## [Instructions for the task]
Without the pictures, retype each line below exactly as it stands.
[Opening Provided data section]
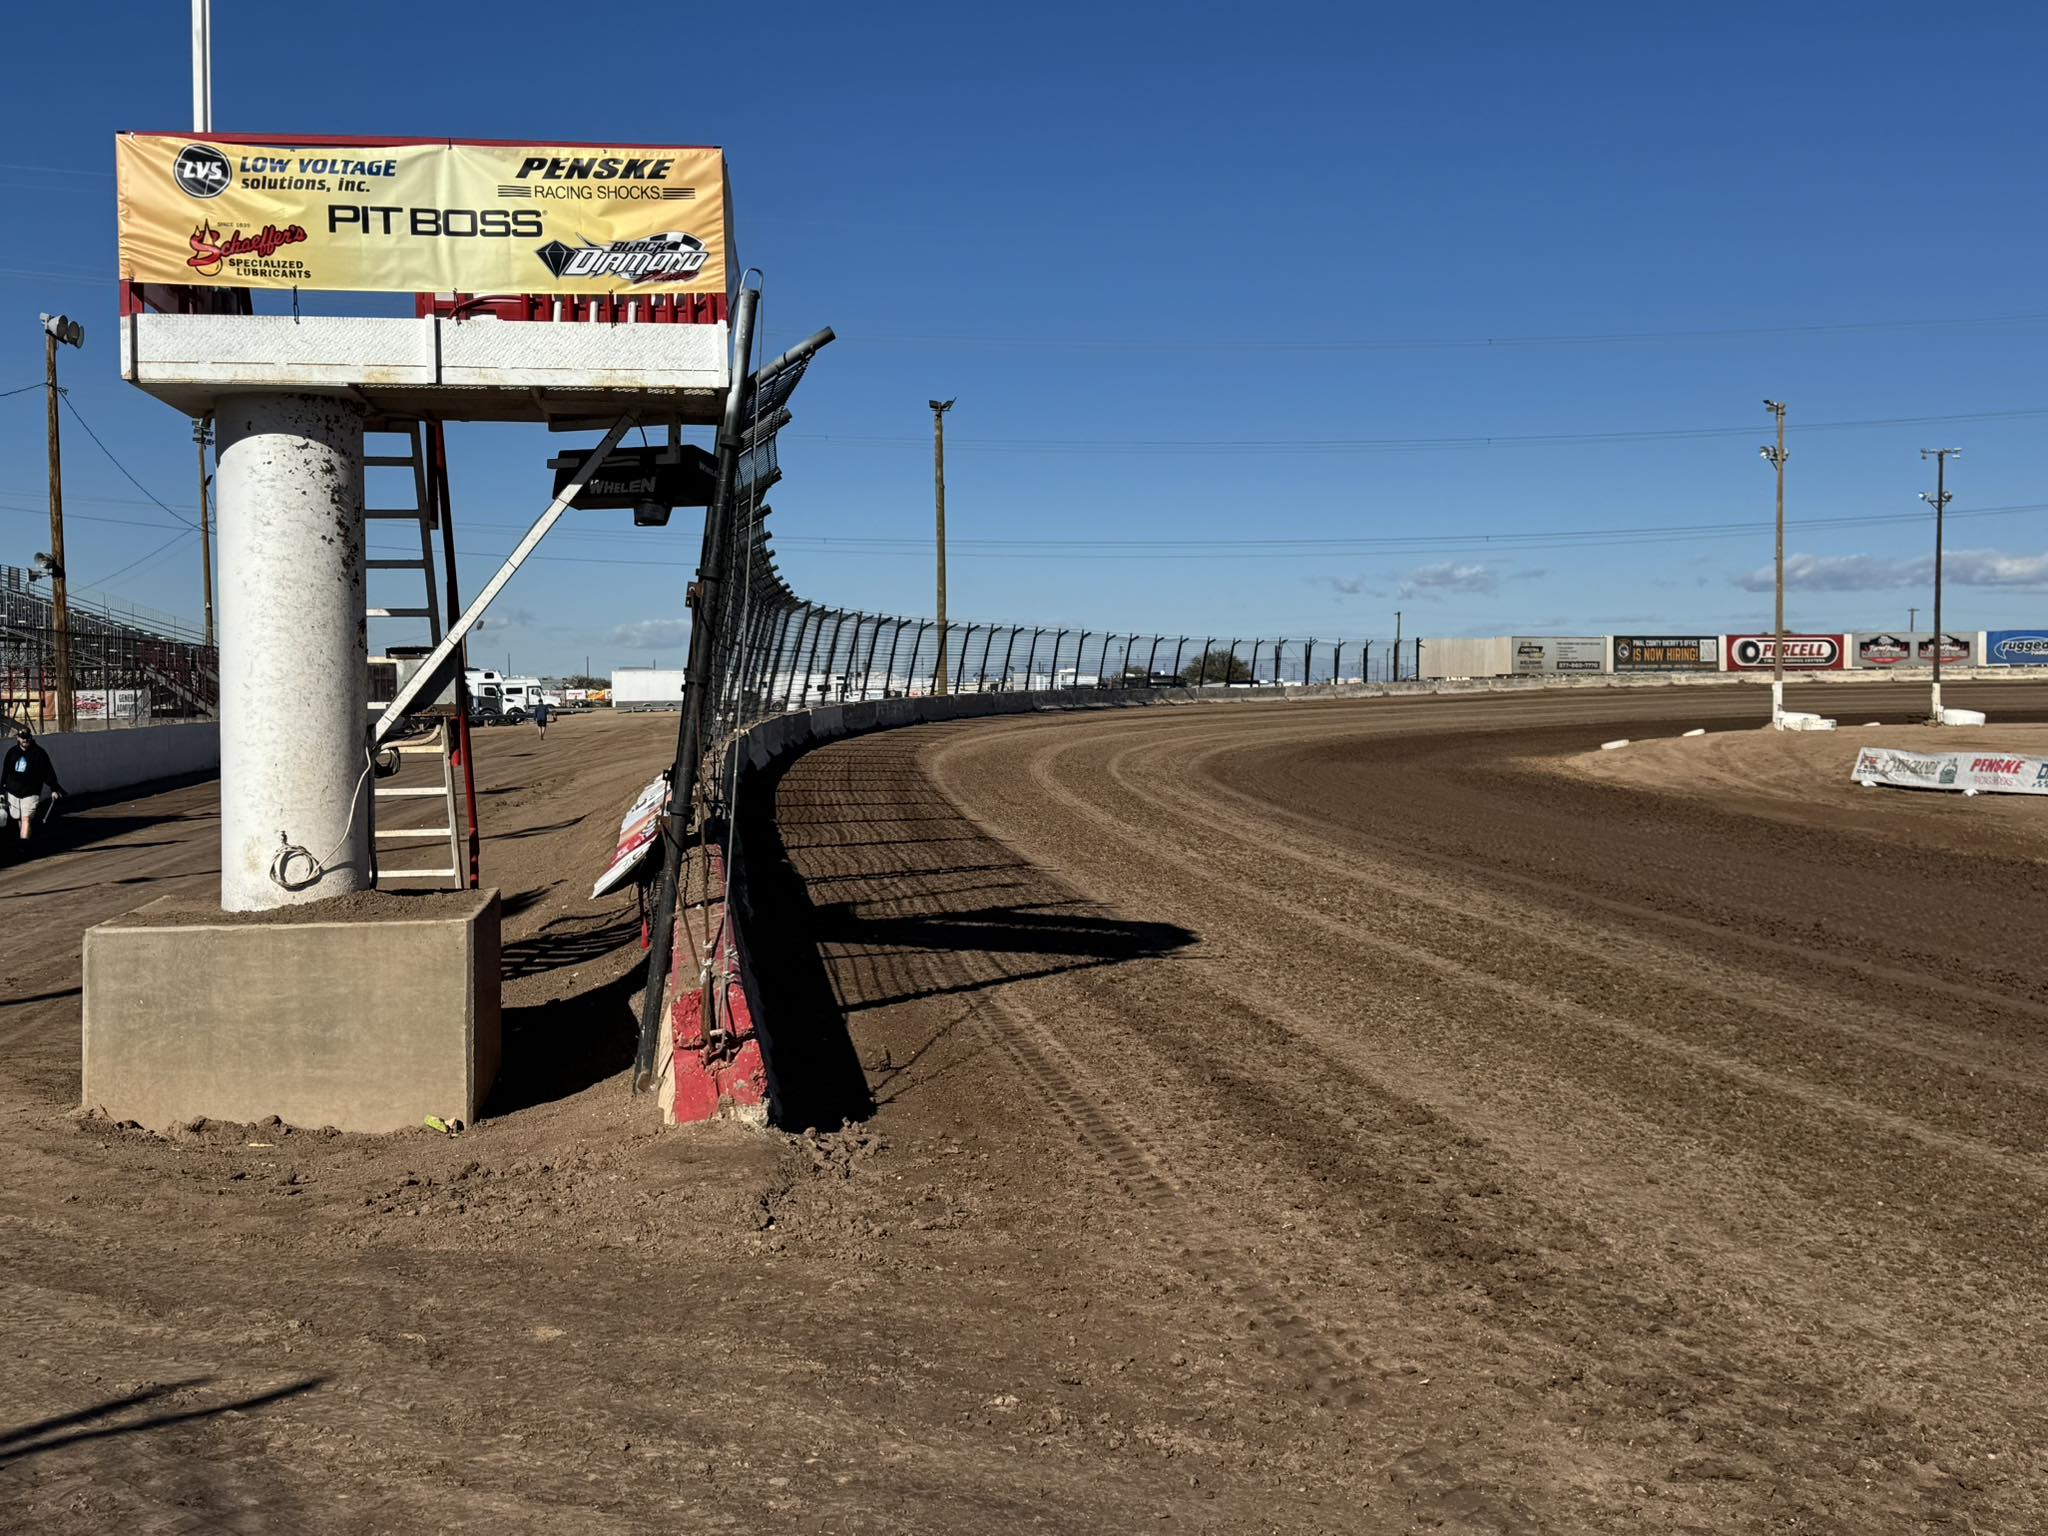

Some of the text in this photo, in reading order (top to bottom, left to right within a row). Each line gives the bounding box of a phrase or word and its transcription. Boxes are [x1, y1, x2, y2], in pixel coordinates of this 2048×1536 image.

[182, 160, 223, 180] LVS
[240, 156, 397, 177] LOW VOLTAGE
[516, 157, 675, 180] PENSKE
[241, 175, 371, 193] solutions, inc.
[534, 185, 593, 200] RACING
[328, 204, 543, 238] PIT BOSS
[186, 222, 308, 267] Schaeffer's
[610, 241, 671, 252] BLACK
[229, 258, 304, 269] SPECIALIZED
[564, 250, 709, 276] DIAMOND
[237, 268, 312, 279] LUBRICANTS
[589, 477, 656, 494] WHELEN
[1633, 647, 1698, 661] IS NOW HIRING!
[1969, 758, 2026, 775] PENSKE
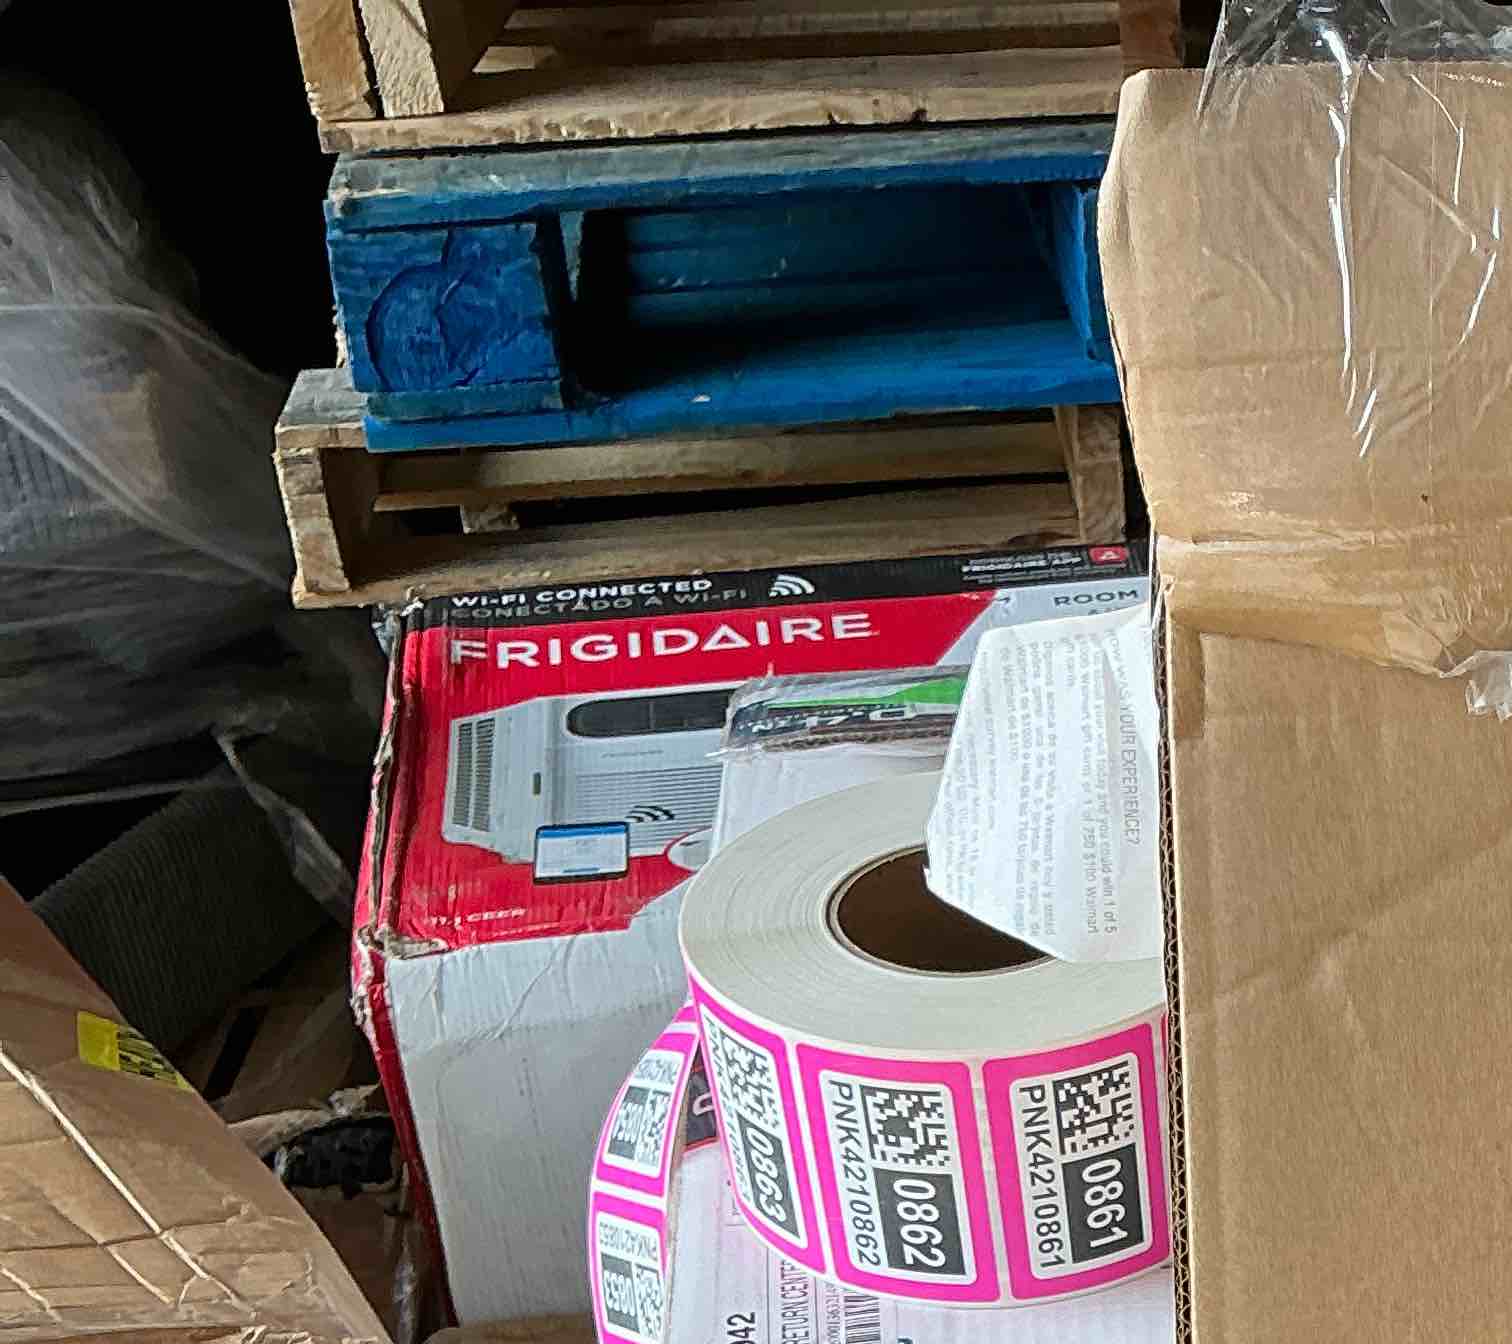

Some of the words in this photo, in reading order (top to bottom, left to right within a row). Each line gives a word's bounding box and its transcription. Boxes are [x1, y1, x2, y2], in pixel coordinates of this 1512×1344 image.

[452, 590, 530, 610] WI-FI
[537, 577, 713, 604] CONNECTED
[1053, 588, 1140, 607] ROOM
[450, 613, 876, 670] FRIGIDAIRE
[1119, 704, 1137, 744] YOUR
[1121, 749, 1141, 846] EXPERIENCE?
[748, 1127, 786, 1223] 0863
[828, 1079, 881, 1267] PNK4210862
[1018, 1084, 1064, 1270] PNK4210861
[1080, 1158, 1129, 1249] 0861
[893, 1177, 946, 1269] 0862
[Closing Provided data section]
## [Output]
Some of the text in this photo, in reading order (top to bottom, left to right within a row). Each line gives the bounding box of a phrase or word and its transcription. Boxes are [x1, y1, x2, y2], in pixel coordinates of this 2048×1536 image.

[182, 160, 223, 180] LVS
[240, 156, 397, 177] LOW VOLTAGE
[516, 157, 675, 180] PENSKE
[241, 175, 371, 193] solutions, inc.
[534, 185, 593, 200] RACING
[328, 204, 543, 238] PIT BOSS
[186, 222, 308, 267] Schaeffer's
[610, 241, 671, 252] BLACK
[229, 258, 304, 269] SPECIALIZED
[564, 250, 709, 276] DIAMOND
[237, 268, 312, 279] LUBRICANTS
[589, 477, 656, 494] WHELEN
[1633, 647, 1698, 661] IS NOW HIRING!
[1969, 758, 2026, 775] PENSKE

Some of the words in this photo, in reading order (top to bottom, left to right within a row). Each line gives a word's bounding box and its transcription. Boxes are [x1, y1, x2, y2], in pixel coordinates of this 1512×1344 image.

[452, 590, 530, 610] WI-FI
[537, 577, 713, 604] CONNECTED
[1053, 588, 1140, 607] ROOM
[450, 613, 876, 670] FRIGIDAIRE
[1119, 704, 1137, 744] YOUR
[1121, 749, 1141, 846] EXPERIENCE?
[748, 1127, 786, 1223] 0863
[828, 1079, 881, 1267] PNK4210862
[1018, 1084, 1064, 1270] PNK4210861
[1080, 1158, 1129, 1249] 0861
[893, 1177, 946, 1269] 0862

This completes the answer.